The Kula Project is our new name. Unlike Water Labor, very few people have an existing association with it, and I have an emotional attachment to it. Here is why…
Kula is the Swahili word for “to eat”. I chose “to eat” because we are teaching a method of farming that gives people all over the world an opportunity to eat through the introduction of a farming method that can overcome many of the problems that prohibit successful harvests with traditional farming. It’s the whole give a man a fish, teach a man to fish story.

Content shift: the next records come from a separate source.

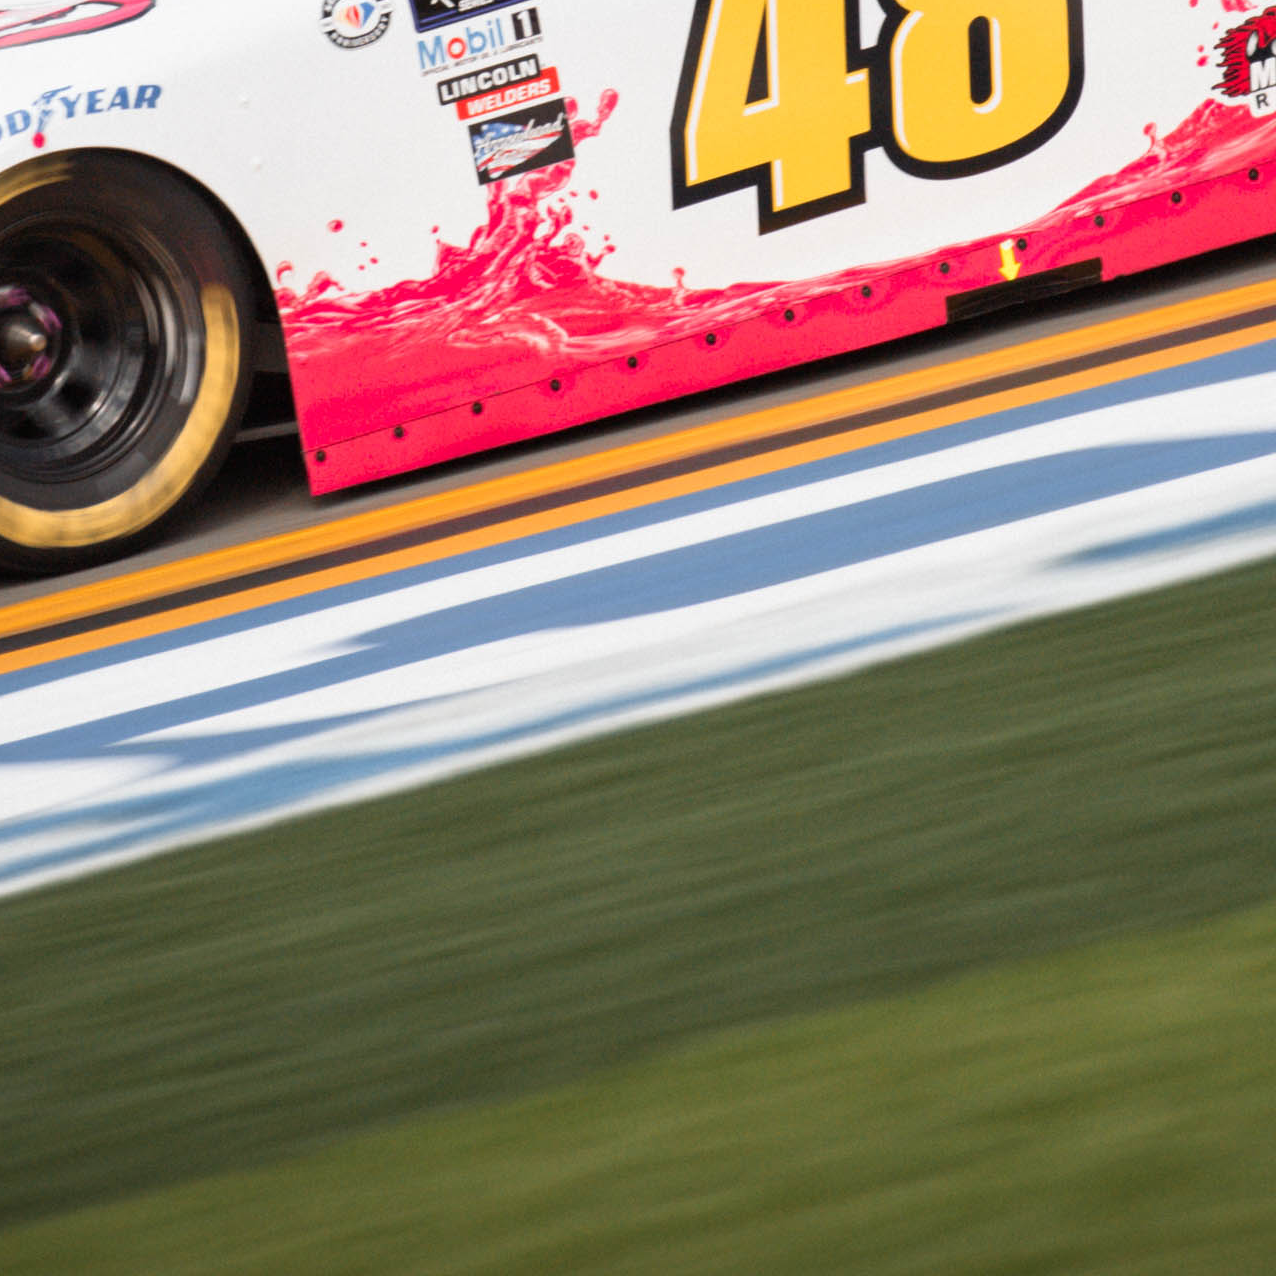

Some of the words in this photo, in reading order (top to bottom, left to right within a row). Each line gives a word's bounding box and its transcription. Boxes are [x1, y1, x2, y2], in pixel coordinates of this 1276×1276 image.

[417, 17, 505, 70] Mobil
[515, 9, 536, 39] 1
[440, 58, 538, 102] LINCOLN
[467, 78, 551, 115] WELDERS
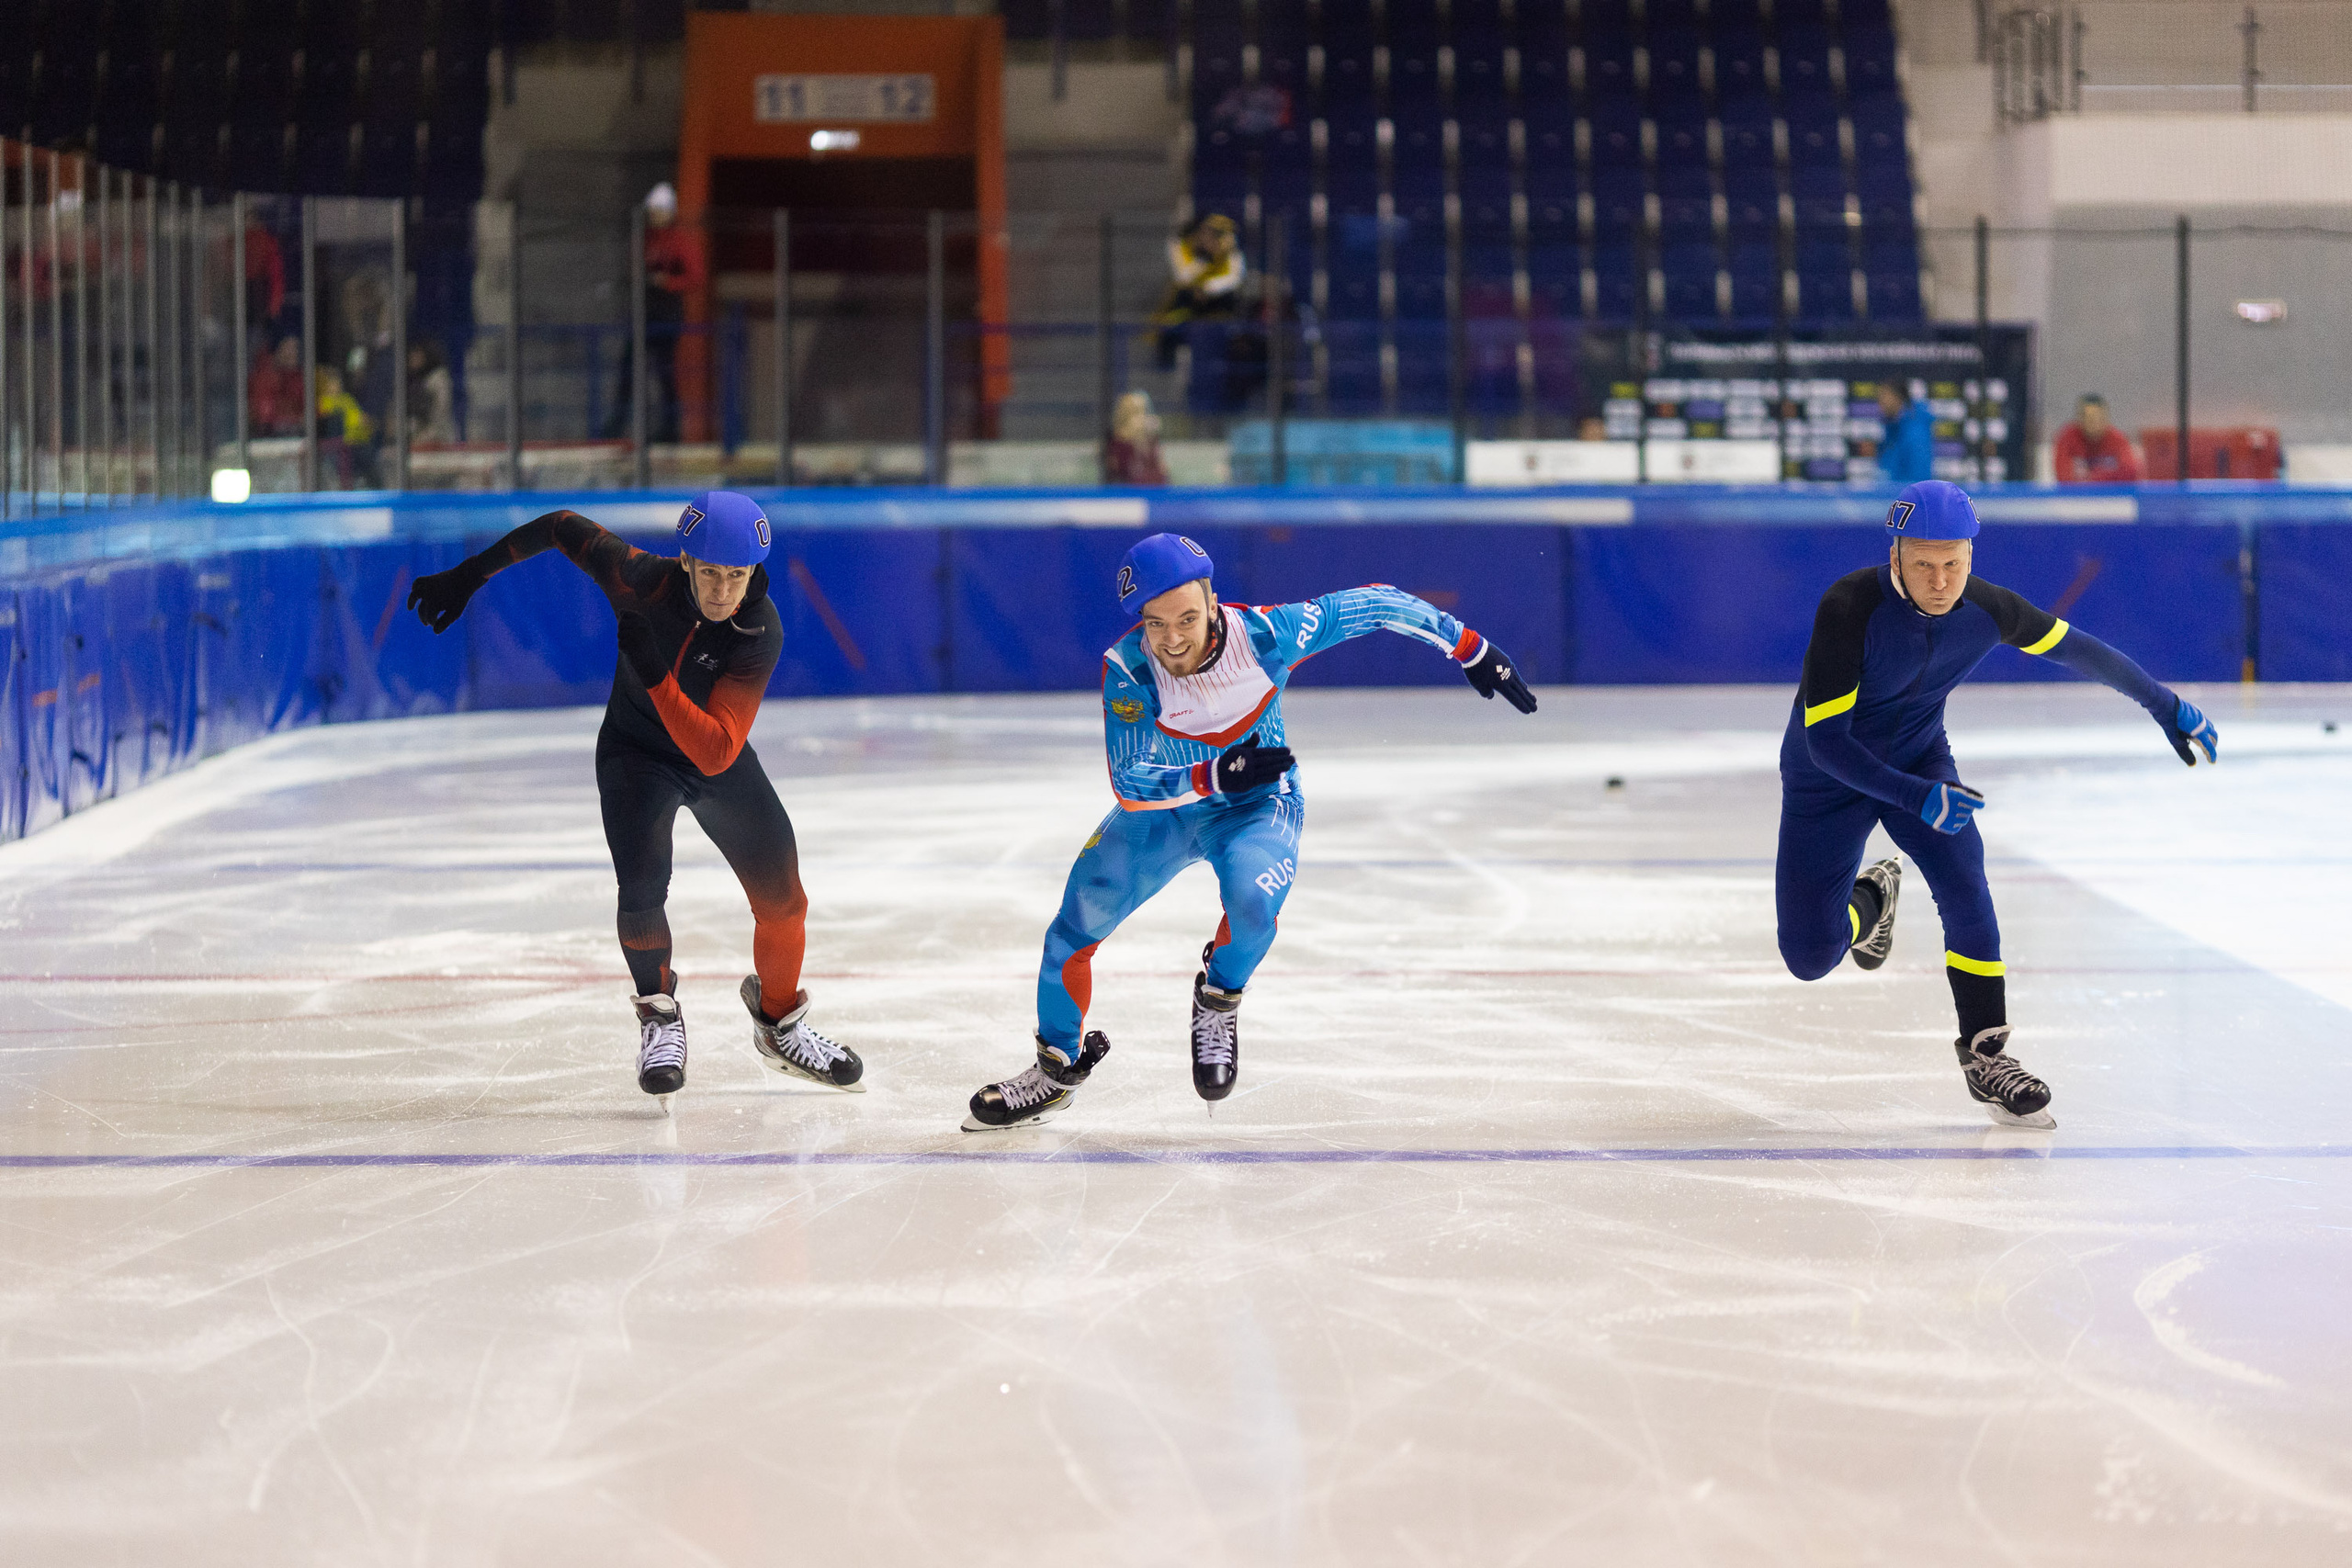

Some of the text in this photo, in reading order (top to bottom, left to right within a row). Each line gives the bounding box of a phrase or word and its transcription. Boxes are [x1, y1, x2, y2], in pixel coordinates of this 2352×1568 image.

[763, 81, 807, 117] 11
[879, 77, 927, 116] 12
[1296, 601, 1321, 649] RUS
[1255, 858, 1295, 897] RUS

Why did I choose Swahili? Kenyans speak that language, and I owe the launch and success of this organization to several young Kenyan children I saw in October of 2008. I attended the Catalyst Conference with my mom and stepdad, and that’s when I heard the Daraja Choir sing. When they started singing, I burst into tears and knew something big was happening. At that time in my life, I was a Pre-law major, and I wasn’t interested in going to church or Kenya. In fact, the only reason I went to Catalyst was because I had just moved back in with my parents, and my mom begged me to go, so I felt obligated. I actually tried to pick up a shift at work that day, so I would have an excuse to miss it. After the first day, however, I cleared all of my shifts for the weekend, so I wouldn’t miss the rest of the conference. When the conference ended, I signed up to get baptized at North Point Community Church and to go to Kenya with the 410 Bridge the following April. Six months later, I headed to Africa. That trip and the people I accompanied and the ones I served changed my life’s direction. I went back to the States, changed my major to International Development, and I headed back to Kenya 12 months later with the same team.
The Daraja Choir is my story. They were my game changer. The true power of love is portrayed all over that East African country, and I am forever changed by it. With the Kula Project, we want to be people’s game changer. We want to be someone’s story.
For these reasons, I decided to change Water Labor to the Kula Project.